(Dataset extract)

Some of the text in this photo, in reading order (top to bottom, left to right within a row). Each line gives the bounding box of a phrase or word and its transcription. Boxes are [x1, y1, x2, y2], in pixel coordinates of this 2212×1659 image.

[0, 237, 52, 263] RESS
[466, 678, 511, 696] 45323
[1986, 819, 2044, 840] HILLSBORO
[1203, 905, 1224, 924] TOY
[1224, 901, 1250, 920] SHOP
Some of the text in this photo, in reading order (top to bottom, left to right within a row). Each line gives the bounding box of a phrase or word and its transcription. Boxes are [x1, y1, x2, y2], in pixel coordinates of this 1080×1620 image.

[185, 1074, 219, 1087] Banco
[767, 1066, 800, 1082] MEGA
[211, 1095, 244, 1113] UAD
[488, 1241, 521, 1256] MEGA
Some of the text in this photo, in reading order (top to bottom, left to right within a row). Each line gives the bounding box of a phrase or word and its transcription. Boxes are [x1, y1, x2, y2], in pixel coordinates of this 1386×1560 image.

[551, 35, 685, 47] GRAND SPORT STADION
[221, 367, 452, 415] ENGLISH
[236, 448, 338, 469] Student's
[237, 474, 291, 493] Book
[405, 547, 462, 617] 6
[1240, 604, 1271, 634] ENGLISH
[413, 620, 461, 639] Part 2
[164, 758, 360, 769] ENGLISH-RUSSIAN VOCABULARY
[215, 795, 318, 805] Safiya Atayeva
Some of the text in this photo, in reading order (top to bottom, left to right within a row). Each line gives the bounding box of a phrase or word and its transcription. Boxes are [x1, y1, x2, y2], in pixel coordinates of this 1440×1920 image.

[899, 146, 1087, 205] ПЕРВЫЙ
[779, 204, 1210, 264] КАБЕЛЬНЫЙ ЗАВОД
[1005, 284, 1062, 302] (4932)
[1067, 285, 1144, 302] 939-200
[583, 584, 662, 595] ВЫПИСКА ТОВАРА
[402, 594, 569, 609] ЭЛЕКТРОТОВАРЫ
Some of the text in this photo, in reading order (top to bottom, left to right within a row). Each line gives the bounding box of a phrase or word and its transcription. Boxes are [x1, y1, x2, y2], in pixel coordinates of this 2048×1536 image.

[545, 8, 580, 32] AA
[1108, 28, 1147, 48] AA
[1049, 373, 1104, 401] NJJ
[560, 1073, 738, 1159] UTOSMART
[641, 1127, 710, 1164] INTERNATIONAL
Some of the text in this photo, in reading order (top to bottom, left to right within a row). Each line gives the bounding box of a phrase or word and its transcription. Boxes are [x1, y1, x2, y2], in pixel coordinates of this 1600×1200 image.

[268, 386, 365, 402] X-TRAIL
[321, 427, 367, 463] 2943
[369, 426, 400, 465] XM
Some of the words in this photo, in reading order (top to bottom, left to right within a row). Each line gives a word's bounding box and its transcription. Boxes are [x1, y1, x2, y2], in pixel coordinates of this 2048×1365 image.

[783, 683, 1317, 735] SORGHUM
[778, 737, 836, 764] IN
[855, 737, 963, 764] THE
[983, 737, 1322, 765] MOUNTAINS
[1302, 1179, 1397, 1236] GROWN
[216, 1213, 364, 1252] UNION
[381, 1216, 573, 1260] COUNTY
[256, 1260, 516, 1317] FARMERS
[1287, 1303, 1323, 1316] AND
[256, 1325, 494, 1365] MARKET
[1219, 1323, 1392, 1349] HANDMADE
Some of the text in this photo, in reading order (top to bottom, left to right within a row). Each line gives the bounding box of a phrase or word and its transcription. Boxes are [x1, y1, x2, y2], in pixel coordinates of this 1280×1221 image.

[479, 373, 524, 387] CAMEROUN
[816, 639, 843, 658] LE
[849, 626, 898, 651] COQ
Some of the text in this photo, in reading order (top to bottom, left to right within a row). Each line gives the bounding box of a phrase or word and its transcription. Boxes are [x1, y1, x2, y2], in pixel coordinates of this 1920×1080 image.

(End Dataset extract)

■ Required work: Write the entries out once more, exactly as they appear.

■ Solution for this problem:
Some of the text in this photo, in reading order (top to bottom, left to right within a row). Each line gives the bounding box of a phrase or word and its transcription. Boxes are [x1, y1, x2, y2], in pixel coordinates of this 2212×1659 image.

[0, 237, 52, 263] RESS
[466, 678, 511, 696] 45323
[1986, 819, 2044, 840] HILLSBORO
[1203, 905, 1224, 924] TOY
[1224, 901, 1250, 920] SHOP
Some of the text in this photo, in reading order (top to bottom, left to right within a row). Each line gives the bounding box of a phrase or word and its transcription. Boxes are [x1, y1, x2, y2], in pixel coordinates of this 1080×1620 image.

[185, 1074, 219, 1087] Banco
[767, 1066, 800, 1082] MEGA
[211, 1095, 244, 1113] UAD
[488, 1241, 521, 1256] MEGA
Some of the text in this photo, in reading order (top to bottom, left to right within a row). Each line gives the bounding box of a phrase or word and its transcription. Boxes are [x1, y1, x2, y2], in pixel coordinates of this 1386×1560 image.

[551, 35, 685, 47] GRAND SPORT STADION
[221, 367, 452, 415] ENGLISH
[236, 448, 338, 469] Student's
[237, 474, 291, 493] Book
[405, 547, 462, 617] 6
[1240, 604, 1271, 634] ENGLISH
[413, 620, 461, 639] Part 2
[164, 758, 360, 769] ENGLISH-RUSSIAN VOCABULARY
[215, 795, 318, 805] Safiya Atayeva
Some of the text in this photo, in reading order (top to bottom, left to right within a row). Each line gives the bounding box of a phrase or word and its transcription. Boxes are [x1, y1, x2, y2], in pixel coordinates of this 1440×1920 image.

[899, 146, 1087, 205] ПЕРВЫЙ
[779, 204, 1210, 264] КАБЕЛЬНЫЙ ЗАВОД
[1005, 284, 1062, 302] (4932)
[1067, 285, 1144, 302] 939-200
[583, 584, 662, 595] ВЫПИСКА ТОВАРА
[402, 594, 569, 609] ЭЛЕКТРОТОВАРЫ
Some of the text in this photo, in reading order (top to bottom, left to right within a row). Each line gives the bounding box of a phrase or word and its transcription. Boxes are [x1, y1, x2, y2], in pixel coordinates of this 2048×1536 image.

[545, 8, 580, 32] AA
[1108, 28, 1147, 48] AA
[1049, 373, 1104, 401] NJJ
[560, 1073, 738, 1159] UTOSMART
[641, 1127, 710, 1164] INTERNATIONAL
Some of the text in this photo, in reading order (top to bottom, left to right within a row). Each line gives the bounding box of a phrase or word and its transcription. Boxes are [x1, y1, x2, y2], in pixel coordinates of this 1600×1200 image.

[268, 386, 365, 402] X-TRAIL
[321, 427, 367, 463] 2943
[369, 426, 400, 465] XM
Some of the words in this photo, in reading order (top to bottom, left to right within a row). Each line gives a word's bounding box and its transcription. Boxes are [x1, y1, x2, y2], in pixel coordinates of this 2048×1365 image.

[783, 683, 1317, 735] SORGHUM
[778, 737, 836, 764] IN
[855, 737, 963, 764] THE
[983, 737, 1322, 765] MOUNTAINS
[1302, 1179, 1397, 1236] GROWN
[216, 1213, 364, 1252] UNION
[381, 1216, 573, 1260] COUNTY
[256, 1260, 516, 1317] FARMERS
[1287, 1303, 1323, 1316] AND
[256, 1325, 494, 1365] MARKET
[1219, 1323, 1392, 1349] HANDMADE
Some of the text in this photo, in reading order (top to bottom, left to right within a row). Each line gives the bounding box of a phrase or word and its transcription. Boxes are [x1, y1, x2, y2], in pixel coordinates of this 1280×1221 image.

[479, 373, 524, 387] CAMEROUN
[816, 639, 843, 658] LE
[849, 626, 898, 651] COQ
Some of the text in this photo, in reading order (top to bottom, left to right within a row). Each line gives the bounding box of a phrase or word and its transcription. Boxes are [x1, y1, x2, y2], in pixel coordinates of this 1920×1080 image.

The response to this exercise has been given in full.